SUPPLIED RECORDS:
*** Block opens ***
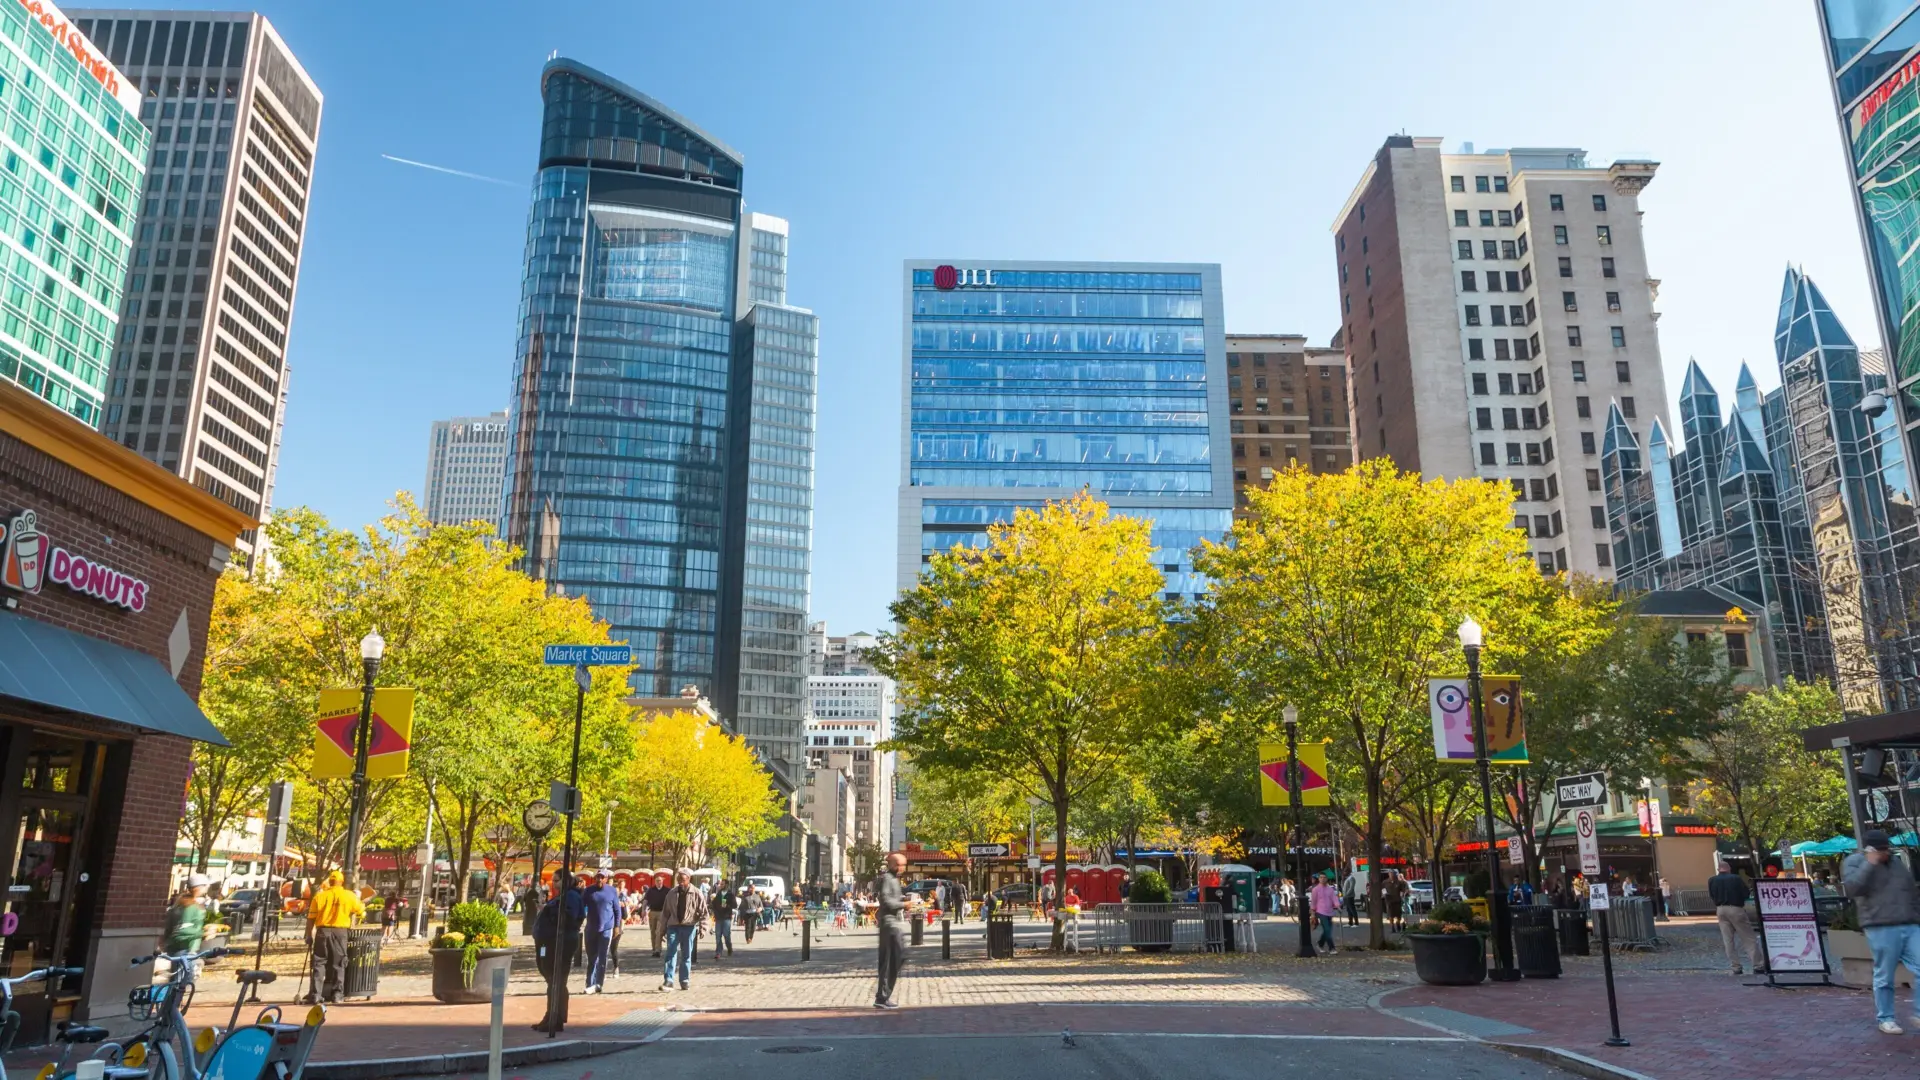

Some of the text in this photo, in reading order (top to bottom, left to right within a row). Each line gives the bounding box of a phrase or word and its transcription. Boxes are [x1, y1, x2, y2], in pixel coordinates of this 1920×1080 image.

[19, 0, 119, 98] eed Smith
[957, 269, 997, 286] JLL
[23, 561, 36, 571] DD
[53, 550, 145, 610] DONUTS
[547, 647, 629, 664] Market Square
[320, 706, 358, 718] MARKET
[1562, 783, 1592, 800] ONE WAY
[1761, 887, 1797, 899] HOPS
[1768, 896, 1809, 909] for hope
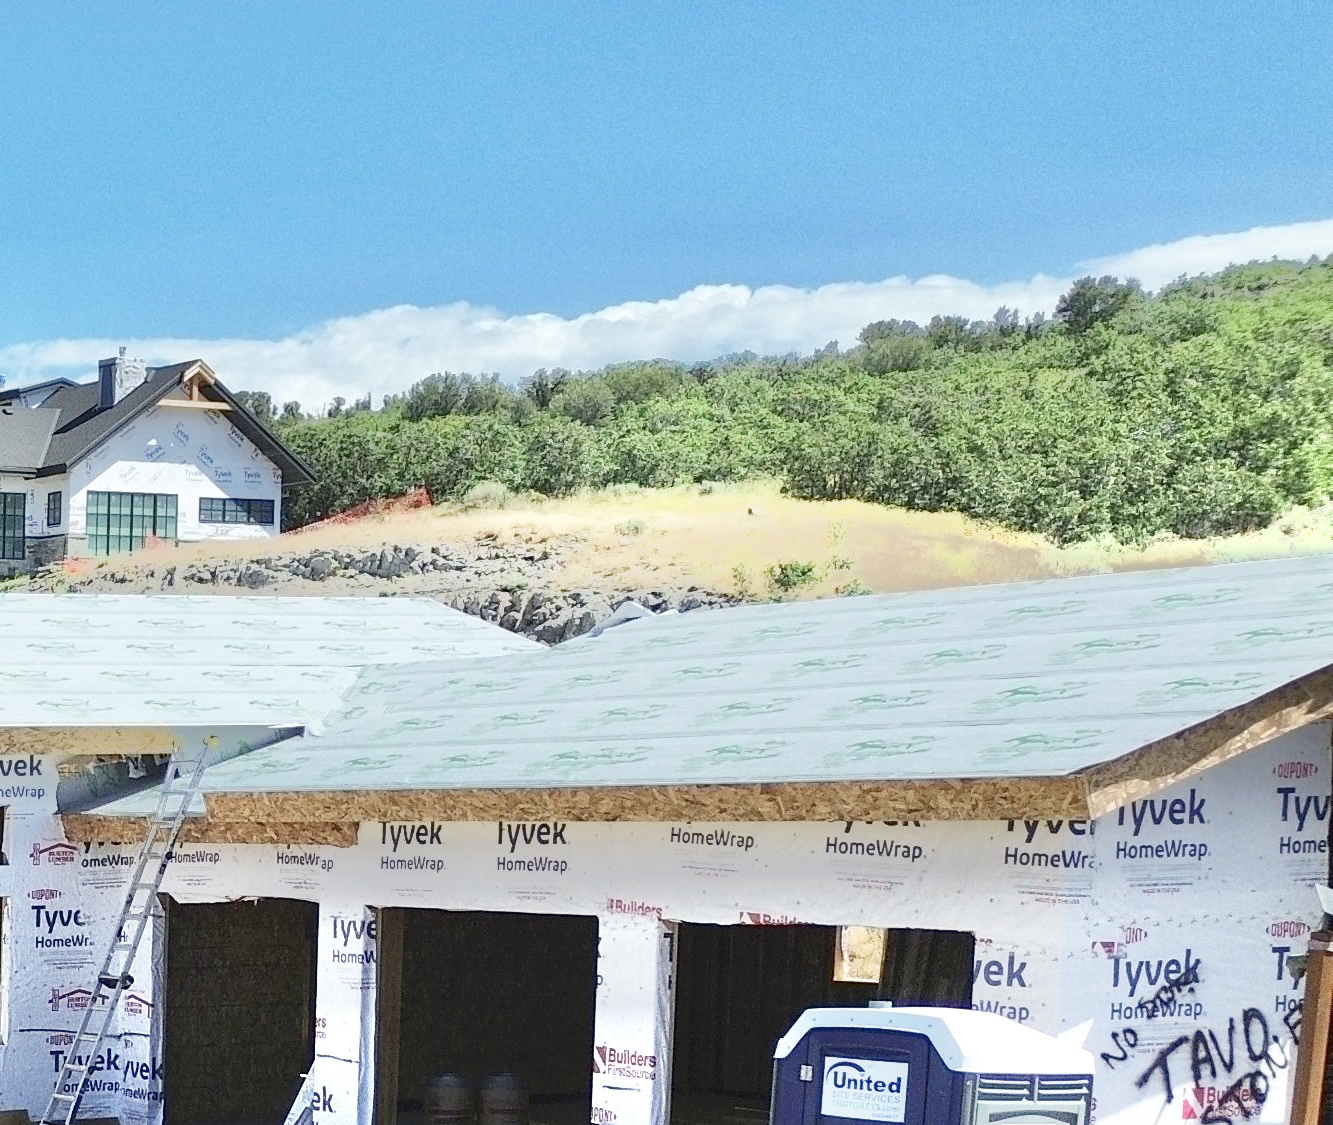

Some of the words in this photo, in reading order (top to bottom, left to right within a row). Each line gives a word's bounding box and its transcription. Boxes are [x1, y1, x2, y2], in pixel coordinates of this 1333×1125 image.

[1277, 762, 1315, 778] DUPONT
[1277, 787, 1330, 831] Tyv
[670, 826, 755, 852] HomeWrap
[826, 837, 924, 862] HomeWrap
[1279, 837, 1328, 855] Home
[1116, 840, 1208, 860] HomeWrap
[81, 854, 134, 868] omeWrap
[381, 856, 445, 874] HomeWrap
[497, 856, 569, 875] HomeWrap
[1270, 921, 1308, 938] DUPONT
[972, 951, 1028, 988] vek
[1111, 949, 1201, 998] Tyvek
[972, 1001, 1030, 1023] Wrap
[608, 1048, 657, 1069] Builders
[123, 1056, 164, 1083] yvek
[833, 1070, 902, 1094] United
[853, 1092, 901, 1104] SERVICES
*** Block closes ***
WHAT NEEDS TO BE DONE: The listing above is to be set down word for word, without its images.

ANSWER SPACE:
Some of the text in this photo, in reading order (top to bottom, left to right within a row). Each line gives the bounding box of a phrase or word and its transcription. Boxes are [x1, y1, x2, y2], in pixel coordinates of this 1920×1080 image.

[19, 0, 119, 98] eed Smith
[957, 269, 997, 286] JLL
[23, 561, 36, 571] DD
[53, 550, 145, 610] DONUTS
[547, 647, 629, 664] Market Square
[320, 706, 358, 718] MARKET
[1562, 783, 1592, 800] ONE WAY
[1761, 887, 1797, 899] HOPS
[1768, 896, 1809, 909] for hope

Some of the words in this photo, in reading order (top to bottom, left to right within a row). Each line gives a word's bounding box and its transcription. Boxes are [x1, y1, x2, y2], in pixel coordinates of this 1333×1125 image.

[1277, 762, 1315, 778] DUPONT
[1277, 787, 1330, 831] Tyv
[670, 826, 755, 852] HomeWrap
[826, 837, 924, 862] HomeWrap
[1279, 837, 1328, 855] Home
[1116, 840, 1208, 860] HomeWrap
[81, 854, 134, 868] omeWrap
[381, 856, 445, 874] HomeWrap
[497, 856, 569, 875] HomeWrap
[1270, 921, 1308, 938] DUPONT
[972, 951, 1028, 988] vek
[1111, 949, 1201, 998] Tyvek
[972, 1001, 1030, 1023] Wrap
[608, 1048, 657, 1069] Builders
[123, 1056, 164, 1083] yvek
[833, 1070, 902, 1094] United
[853, 1092, 901, 1104] SERVICES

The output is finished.